9. Warranty; Disclaimer; Indemnity
- Customer Warranty. Customer represents and warrants to, and covenants with Riipen that the Customer Data will only contain Personal Information in respect of which Customer has provided all notices and disclosures (including to each Permitted User), obtained all applicable third party consents and permissions and otherwise has all authority, in each case as required by applicable laws, to enable Riipen to provide the Riipen Services, including with respect to the collection, storage, access, use, disclosure and transmission of Personal Information, including by or to Riipen and to or from all applicable third parties.

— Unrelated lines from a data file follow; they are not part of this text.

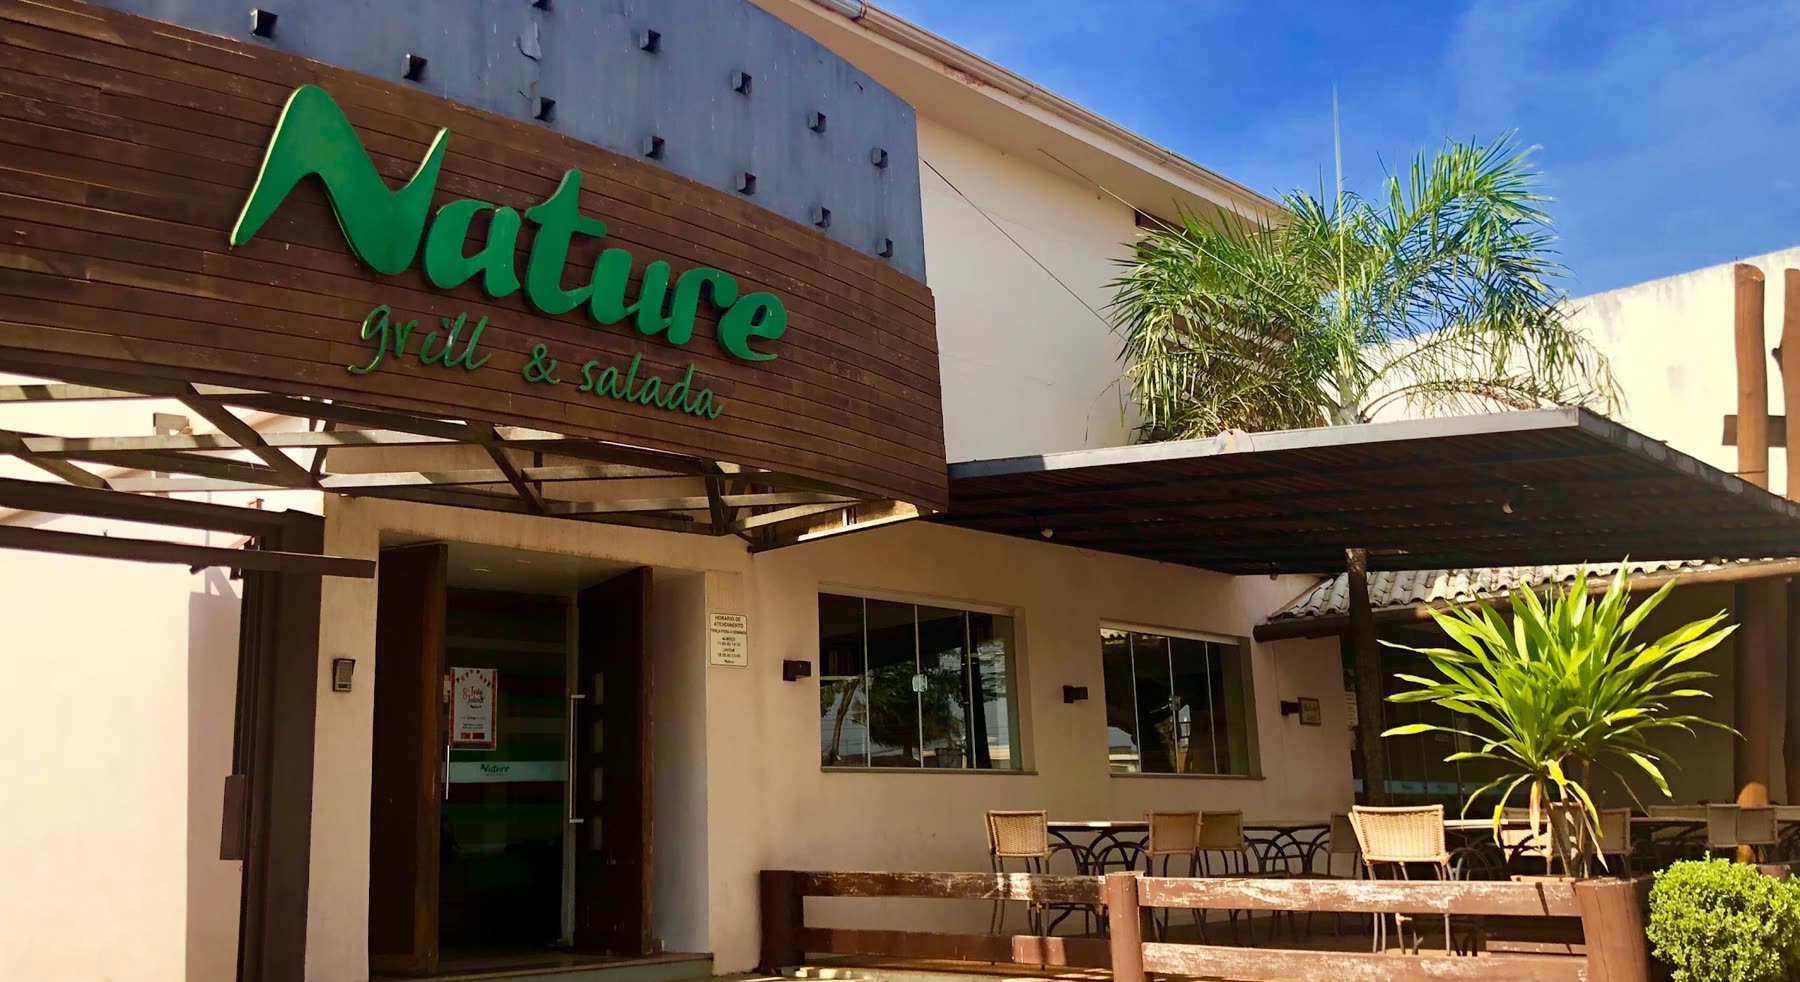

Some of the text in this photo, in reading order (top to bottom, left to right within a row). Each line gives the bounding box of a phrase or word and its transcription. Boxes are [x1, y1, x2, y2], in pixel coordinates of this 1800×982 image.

[229, 84, 788, 362] Nature
[347, 304, 724, 420] grill & salada
[480, 764, 510, 773] Nature
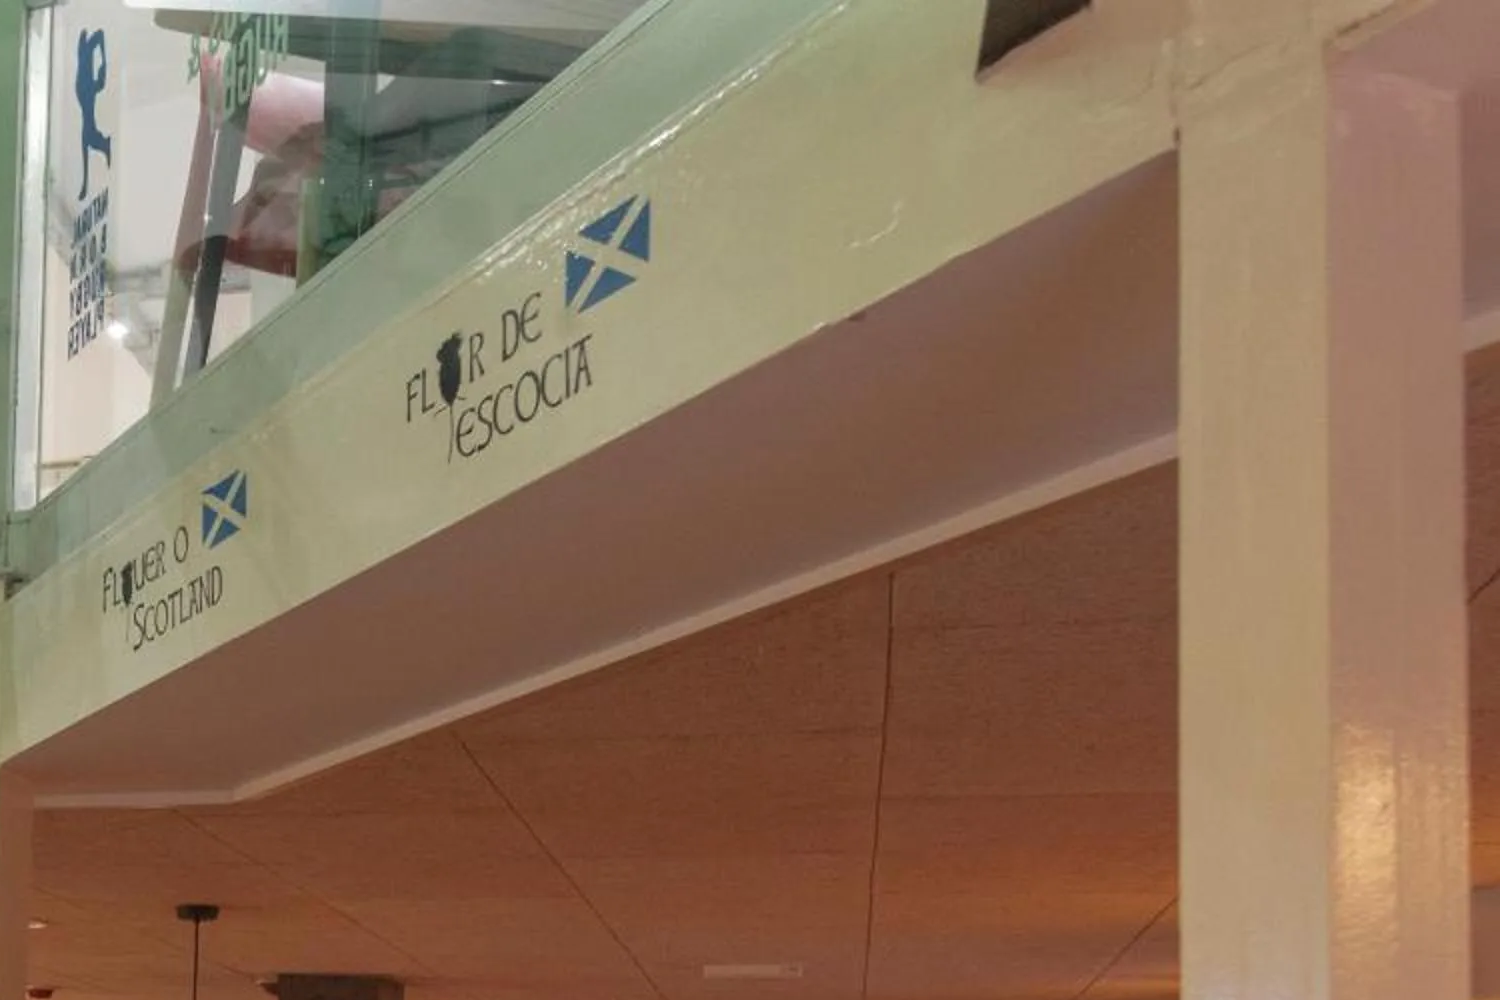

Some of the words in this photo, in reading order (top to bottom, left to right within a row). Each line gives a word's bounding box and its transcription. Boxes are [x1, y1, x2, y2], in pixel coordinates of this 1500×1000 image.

[406, 328, 485, 423] FLR
[501, 290, 542, 362] DE
[455, 334, 593, 457] ESCOCIA
[174, 525, 189, 564] O
[133, 566, 223, 652] SCOTLAND
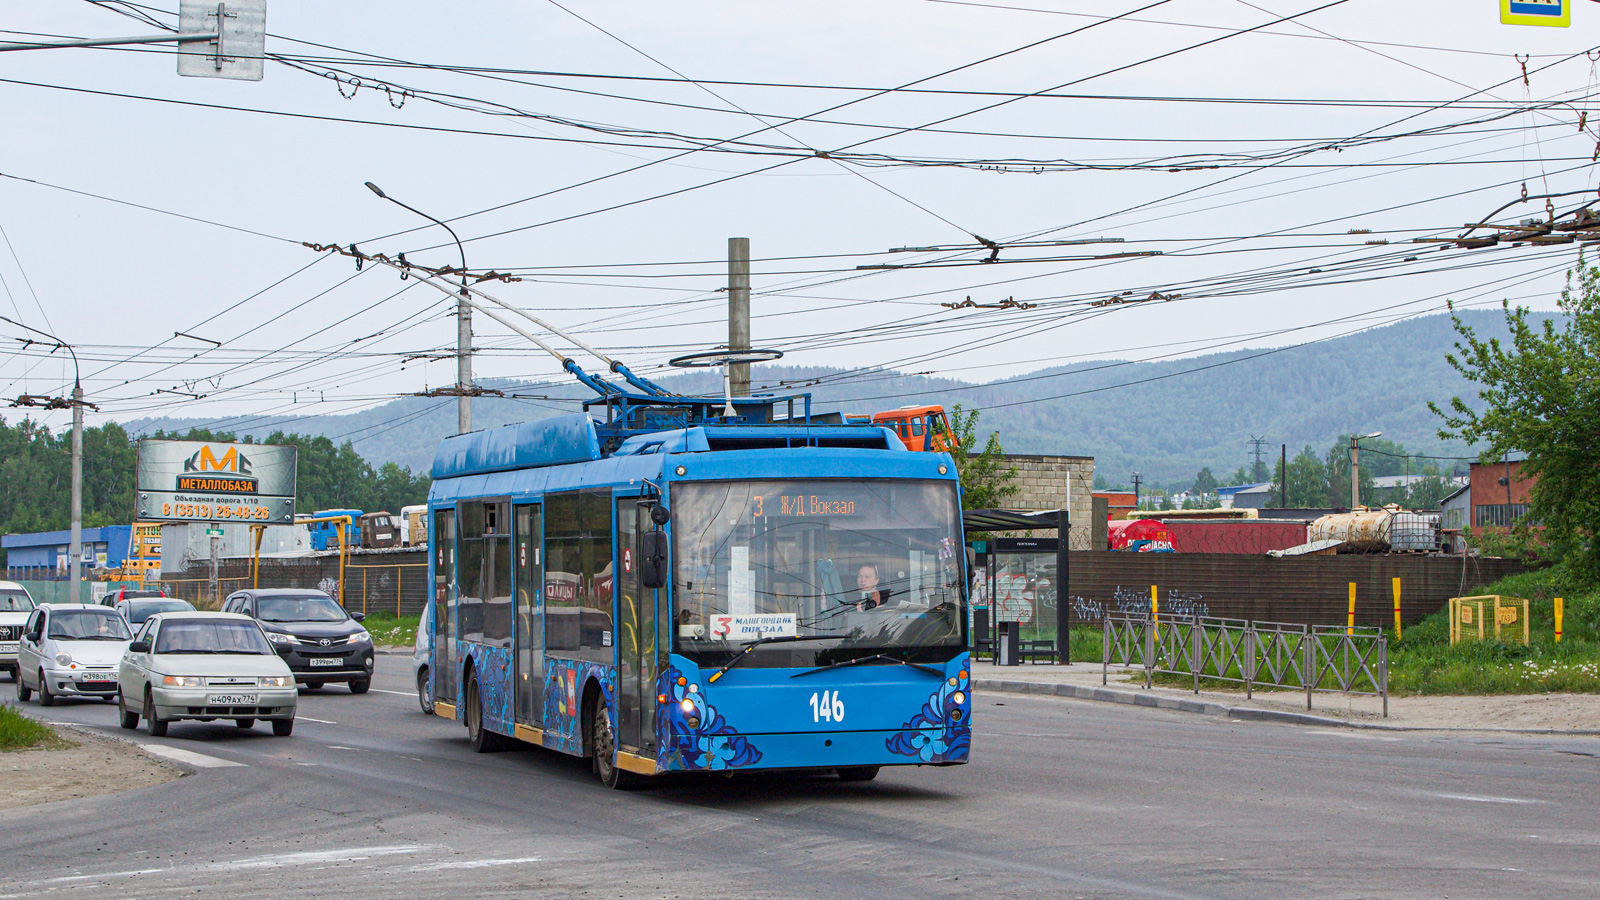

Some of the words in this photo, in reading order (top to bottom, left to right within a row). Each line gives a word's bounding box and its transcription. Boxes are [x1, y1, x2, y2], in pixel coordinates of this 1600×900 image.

[184, 444, 252, 475] КМС
[180, 478, 253, 491] МЕТАЛЛОБАЗА
[174, 495, 214, 503] Объездная
[753, 495, 763, 517] 3
[781, 495, 805, 516] Ж/Д
[810, 495, 855, 514] Вокзал
[162, 503, 170, 516] 8
[173, 503, 212, 519] (3513)
[216, 506, 269, 520] 26-48-26
[713, 617, 732, 637] 3
[809, 690, 845, 723] 146
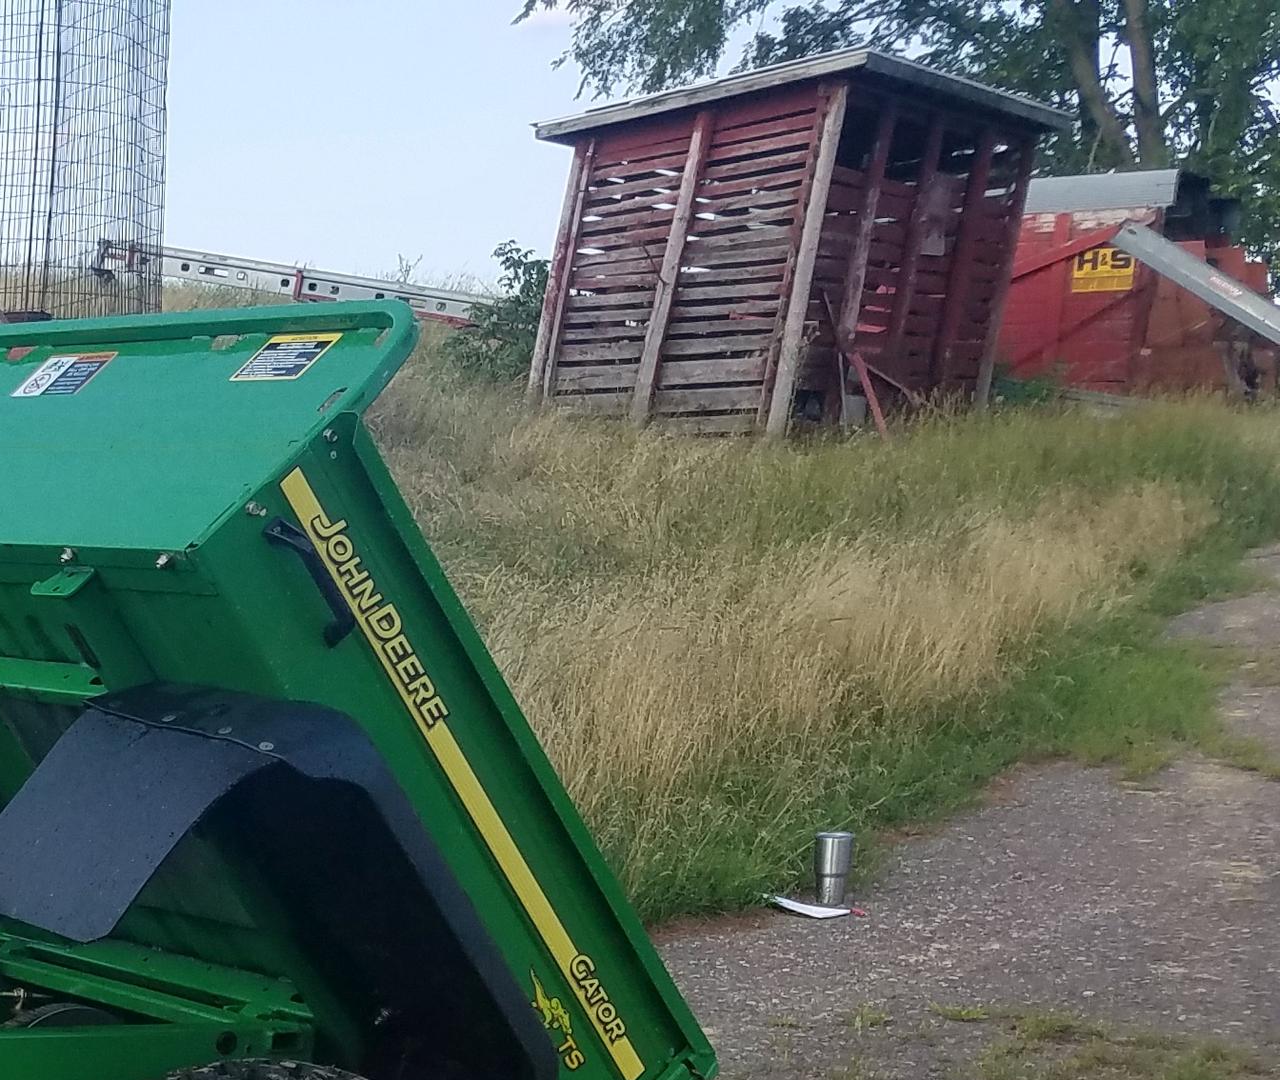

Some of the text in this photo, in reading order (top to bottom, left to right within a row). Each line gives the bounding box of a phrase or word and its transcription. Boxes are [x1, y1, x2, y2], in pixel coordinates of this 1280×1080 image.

[1076, 249, 1132, 272] H&S
[311, 514, 449, 730] JOHN DEERE
[570, 954, 626, 1045] GATOR
[558, 1034, 585, 1070] TS
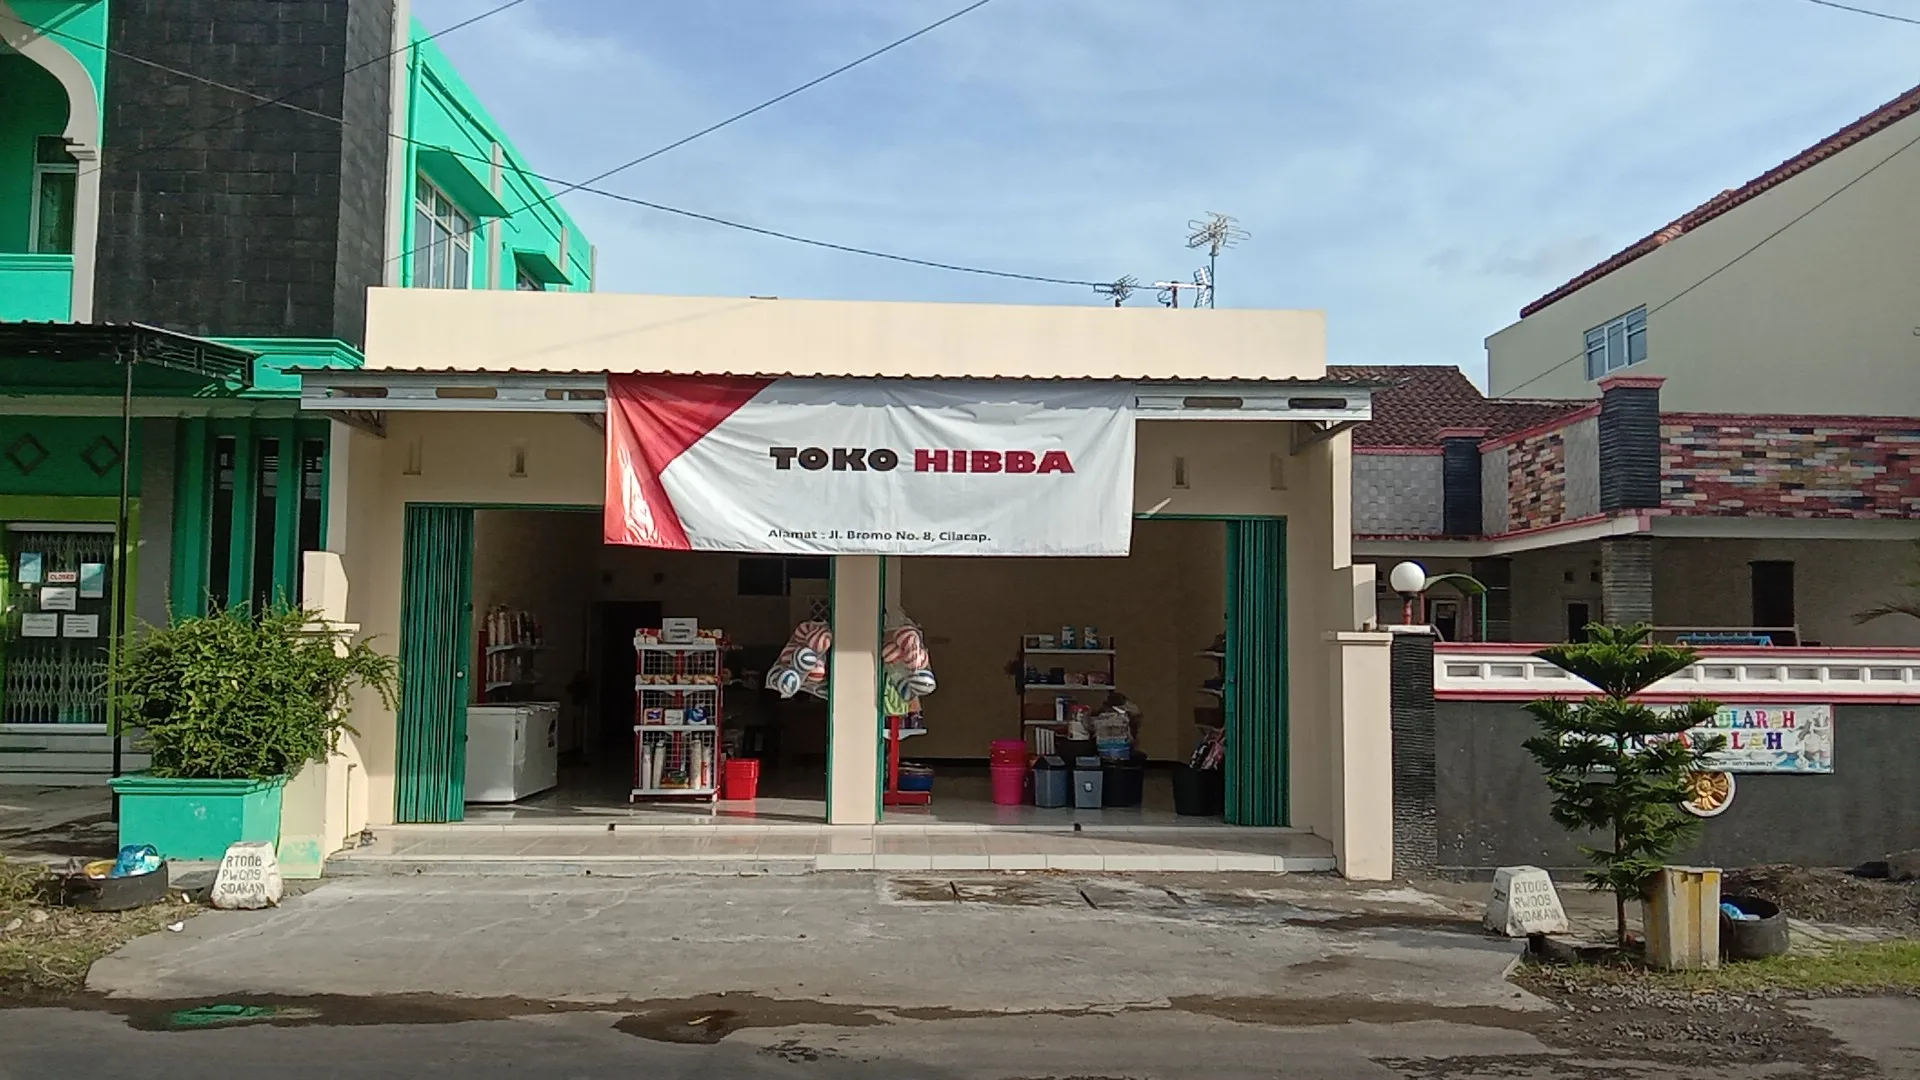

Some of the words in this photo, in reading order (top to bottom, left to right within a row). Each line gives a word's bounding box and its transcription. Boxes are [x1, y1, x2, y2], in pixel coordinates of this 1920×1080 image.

- GENERAL DISCLAIMER. RIIPEN DOES NOT WARRANT THAT THE RIIPEN SERVICES WILL BE UNINTERRUPTED OR ERROR FREE OR THAT ALL ERRORS CAN OR WILL BE CORRECTED; NOR DOES IT MAKE ANY WARRANTY AS TO THE RESULTS THAT MAY BE OBTAINED FROM USE OF THE RIIPEN SERVICES. EXCEPT AS SPECIFICALLY PROVIDED IN THIS AGREEMENT, THE RIIPEN SERVICES (OR ANY PART THEREOF), AND ANY OTHER PRODUCTS AND SERVICES PROVIDED BY RIIPEN TO CUSTOMER ARE PROVIDED “AS IS” AND “AS AVAILABLE”. TO THE EXTENT PERMITTED BY APPLICABLE LAW, RIIPEN HEREBY DISCLAIMS ALL EXPRESS, IMPLIED, COLLATERAL OR STATUTORY WARRANTIES, REPRESENTATIONS AND CONDITIONS, WHETHER WRITTEN OR ORAL, INCLUDING ANY IMPLIED WARRANTIES OR CONDITIONS OF MERCHANTABILITY, MERCHANTABLE QUALITY, COMPATIBILITY, TITLE, NON-INFRINGEMENT, SECURITY, RELIABILITY, COMPLETENESS, QUIET ENJOYMENT, ACCURACY, QUALITY, INTEGRATION OR FITNESS FOR A PARTICULAR PURPOSE OR USE, OR ANY WARRANTIES OR CONDITIONS ARISING OUT OF COURSE OF DEALING OR USAGE OF TRADE. WITHOUT LIMITING THE GENERALITY OF ANY OF THE FOREGOING, RIIPEN EXPRESSLY DISCLAIMS ANY REPRESENTATION, CONDITION OR WARRANTY THAT ANY DATA OR INFORMATION PROVIDED TO CUSTOMER IN CONNECTION WITH CUSTOMER’S USE OF THE RIIPEN SERVICES (OR ANY PART THEREOF) IS ACCURATE, OR CAN OR SHOULD BE RELIED UPON BY CUSTOMER FOR ANY PURPOSE WHATSOEVER.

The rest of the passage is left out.